Aggregate: Glittery stumbles around Blackhill Quarry with Edna Lumb in hand. Rocky Futures . Performed live on zoom on the Thames foreshore, near Blackfriars bridge, London 2023. An exhibition at the T2M conference at Konkuk Academy of Mobility Humanities, Seoul, 25th-28th October 2023, in collaboration with FutureEverything.
https://wp.lancs.ac.uk/rocky-climates/2023/06/21/aggregate-glittery-stumbles-around-blackhill-quarry-with-edna-lumb-in-hand-with-fritha-jenkins/
Extract from catalogue text by Tim Edensor
Moving Rocks; Rocks on the Move
Other playful engagements also testify to the sensory and affective experiences of engaging with rocky matter. Fritha Jenkins brings sandstone fragments and dust from Blackhill Quarry in Leeds, honouring artist Edna Lumb, who painted this site of extraction along with other industrial sites. Jenkins recalls the visceral explosions, the rockfaces, the water sprayed onto the quarry face, the huge tyre prints, the stone cutting and the noise during their own visit to the quarry. They broadcast from the liquefied shoreline of the Thames shore in central London, site of mudlarking and near to the Blackfriars Bridge, the pillars of which are constructed from the Blackhill sandstone. Jenkins mixes the rocks with water, manually plays with them and quantities of dust, in an exuberant performance that concludes with a celebratory dance to the pulsing rhythms of Bronski Beat’s version of I Feel Love, signifying their discovery of a piece of glitter, a vestige of a queer disco that they had attended, that was lodged in their shoe as they explored Blackhill Quarry. This sensuous, ludic interaction with rocks illustrates how, as John Harries (2017: 115) maintains, ‘touch inaugurates a more “proximal” way of knowing’ that ‘proceeds from a reflexive appreciation of the bodily experience of dwelling in the world’. In our touch, he contends, ‘we rediscover the lively being of stone and clay and, through this tactile understanding, some appreciation of the lived experience of long-ago peoples’, as well as those who have worked with stone more recently.

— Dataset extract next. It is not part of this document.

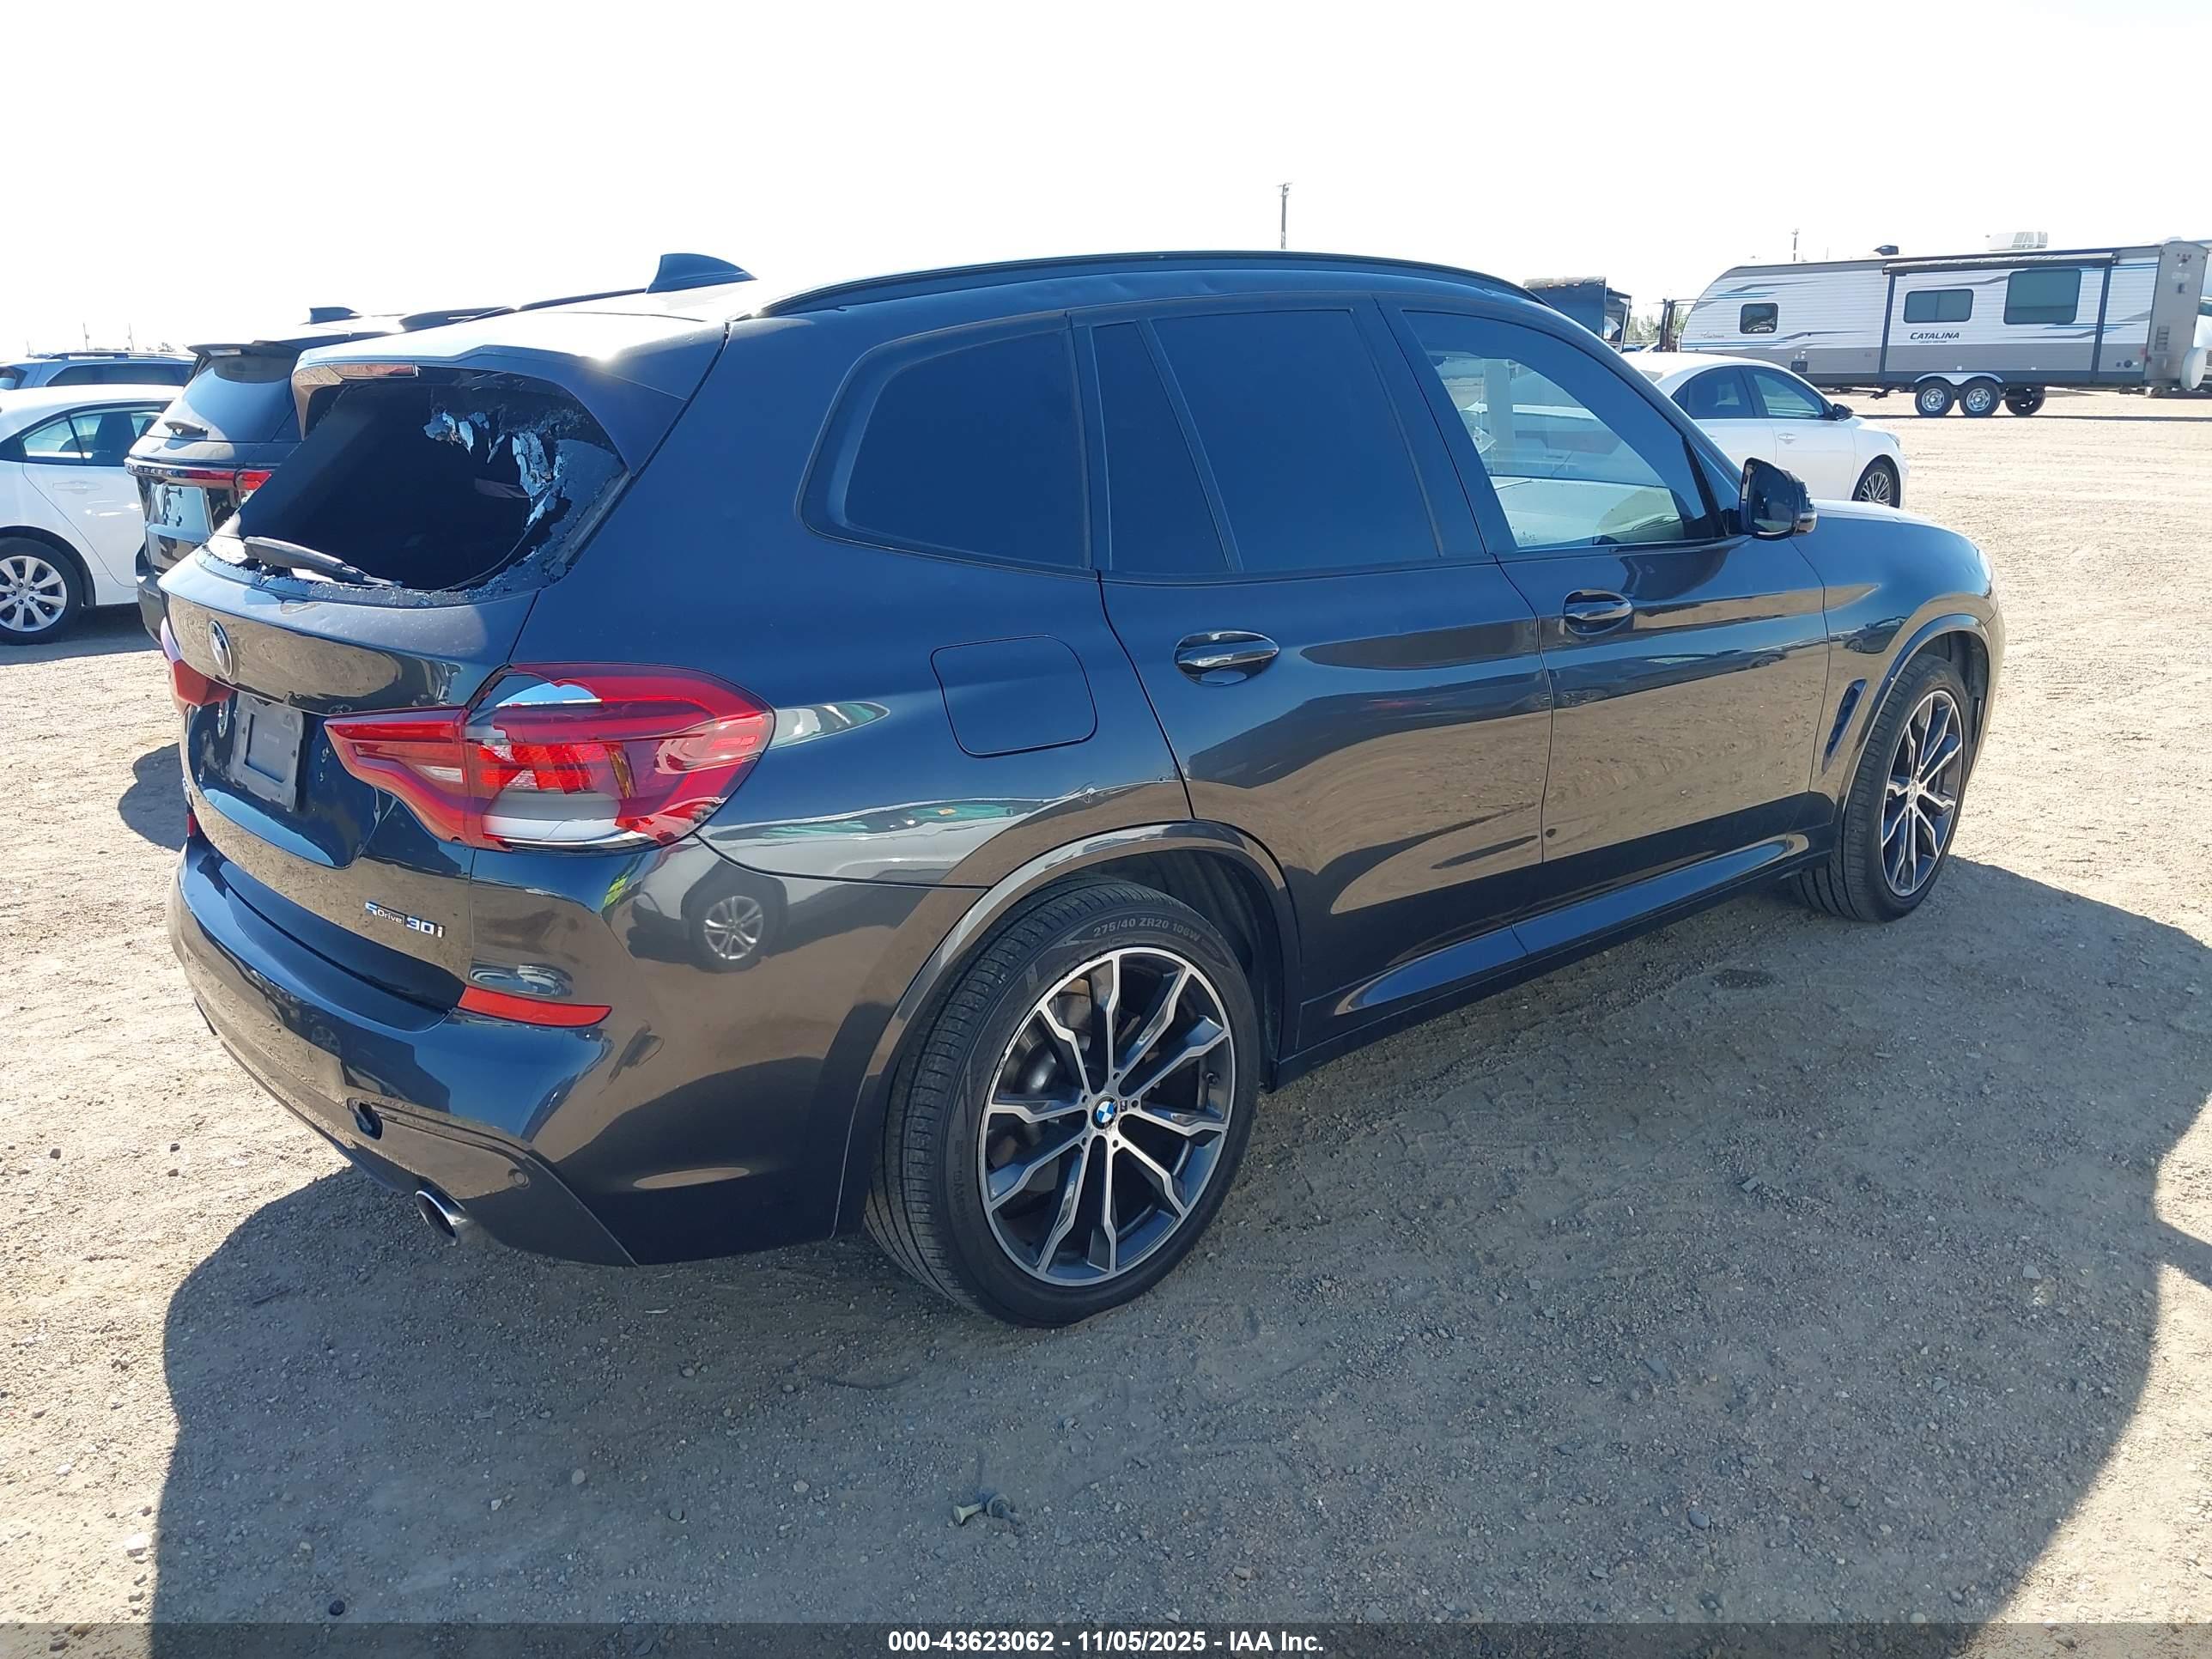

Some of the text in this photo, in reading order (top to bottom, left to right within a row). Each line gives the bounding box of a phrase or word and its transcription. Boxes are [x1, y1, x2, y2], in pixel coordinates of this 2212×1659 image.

Full text can be read here, https://wp.lancs.ac.uk/rocky-climates/2024/10/20/movingrocks/
In this conversation I extend research which first took shape in the exhibition, Aggregate: Fritha Jenkins and Edna Lumb, curated by Catrionia McCara at Leeds Arts University in 2018. Aggregate constituted an experimental curation open to the public in a constant state of flux. The show explored potential intersections between industrial sites and quarries, feminism, queer sexualities and northern industrial archeology. Using the metaphor of aggregate, stories were cut from the quarried waste glitter rocks brought back into the gallery, performative field trips to quarries painted by Lumb accumulated across the space as video projection, conversations unfolded and folded back into the work, and fragments of archived Lumb communications with industrial site owners, interviews and personal letters tumbled together to propose alternative stoney narratives.
5 years on, for Rocky Futures conversation, I used a similar methodology. The conversation took place on the Thames foreshore, as a means to open up alternative ecologies of the site and connections to the quarry. Stumbling around, under, and through, Lumbs archive material (including her interests in quarrying, feminism and industrial archeology), glittering qualities of the waste material of Blackhill quarry stone, queer quarryings, sandy resource fullness and neurodivergent rocky instabilities, the conversation will speculate upon and propose gritty new ways of aggregating.
With thanks to Keziah Hodgson who performed in the work.